6.4 precauzioni particolari per la conservazione
Conservare in frigorifero (2 °C-8 °C). Non congelare.
Conservare la siringa preriempita/penna preriempita nella confezione originale per proteggere il medicinale dalla luce.
6.5 natura e contenuto del contenitore
Tutte le presentazioni contengono 1,14 ml di soluzione in una siringa (vetro di tipo 1) dotata di ago fisso in acciaio inossidabile e stantuffo in elastomero.
Siringa preriempita da 150 mg:
La siringa preriempita per uso singolo ha un cappuccio dell’ago in elastomero stirene butadiene ed è dotata di asticella dello stantuffo in polistirene bianco e di una flangia per l’appoggio delle dita in polipropilene arancione chiaro.
Siringa preriempita da 200 mg:
La siringa preriempita per uso singolo ha un cappuccio dell’ago in elastomero stirene butadiene ed è dotata di asticella dello stantuffo in polistirene bianco e di una flangia per l’appoggio delle dita in polipropilene arancione scuro.
Penna preriempita da 150 mg:
I componenti della siringa sono pre-assemblati in una penna preriempita monouso con copri-ago giallo e cappuccio arancione chiaro.

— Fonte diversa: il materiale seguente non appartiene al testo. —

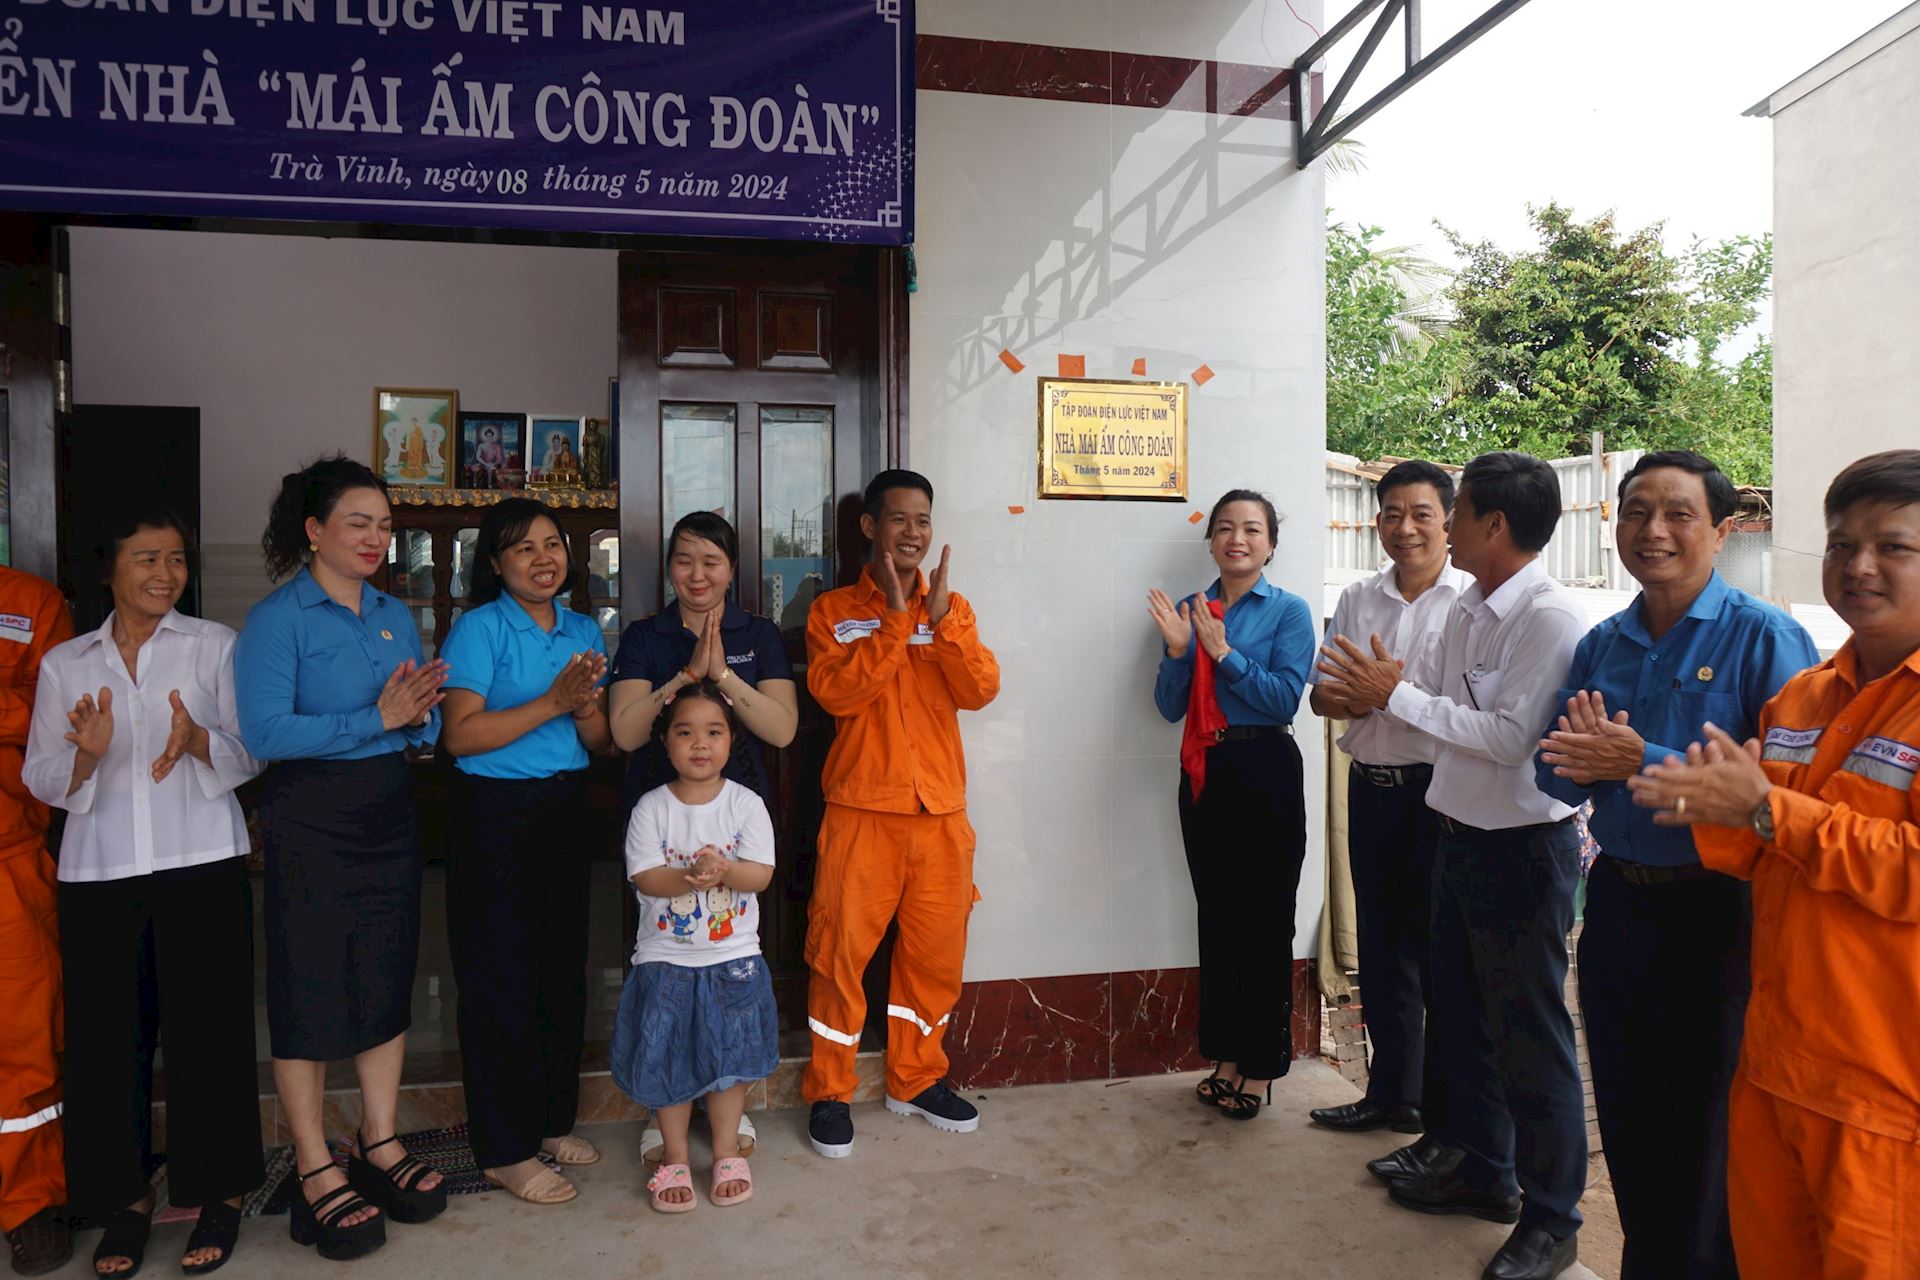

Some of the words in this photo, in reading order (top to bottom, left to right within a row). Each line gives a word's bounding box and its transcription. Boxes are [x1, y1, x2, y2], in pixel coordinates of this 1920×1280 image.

[582, 5, 685, 45] NAM
[100, 48, 235, 126] NHÀ
[259, 57, 403, 134] “MÁI
[420, 51, 514, 139] ẤM
[535, 71, 691, 148] CÔNG
[709, 83, 880, 157] ĐOÀN”
[270, 153, 324, 181] Trà
[336, 155, 411, 190] Vinh,
[423, 162, 494, 193] ngày
[497, 169, 528, 194] 08
[543, 165, 627, 199] tháng
[635, 169, 652, 194] 5
[659, 171, 720, 197] năm
[728, 173, 789, 200] 2024
[1062, 402, 1076, 420] TẬP
[1078, 402, 1097, 418] ĐOÀN
[1100, 403, 1116, 422] ĐIỆN
[1118, 404, 1132, 422] LỰC
[1135, 404, 1149, 423] VIỆT
[1152, 409, 1167, 421] NAM
[1055, 427, 1075, 454] NHÀ
[1079, 428, 1098, 455] MÁI
[1100, 424, 1116, 455] ẤM
[1118, 430, 1145, 457] CÔNG
[1147, 431, 1174, 457] ĐOÀN
[1074, 464, 1100, 476] Tháng
[1104, 465, 1109, 475] 5
[1112, 465, 1130, 476] năm
[1133, 466, 1155, 476] 2024
[1872, 743, 1897, 758] EVN

Penna preriempita da 200 mg:
I componenti della siringa sono pre-assemblati in una penna preriempita monouso con copri-ago giallo e cappuccio arancione scuro.
Confezioni disponibili:
^ 1 siringa preriempita
^ 2 siringhe preriempite
^ Confezione multipla contenente 6 (3 confezioni da 2) siringhe preriempite
^ 1 penna preriempita
^ 2 penne preriempite
^ Confezione multipla contenente 6 (3 confezioni da 2) penne preriempite
È possibile che non tutte le confezioni siano commercializzate.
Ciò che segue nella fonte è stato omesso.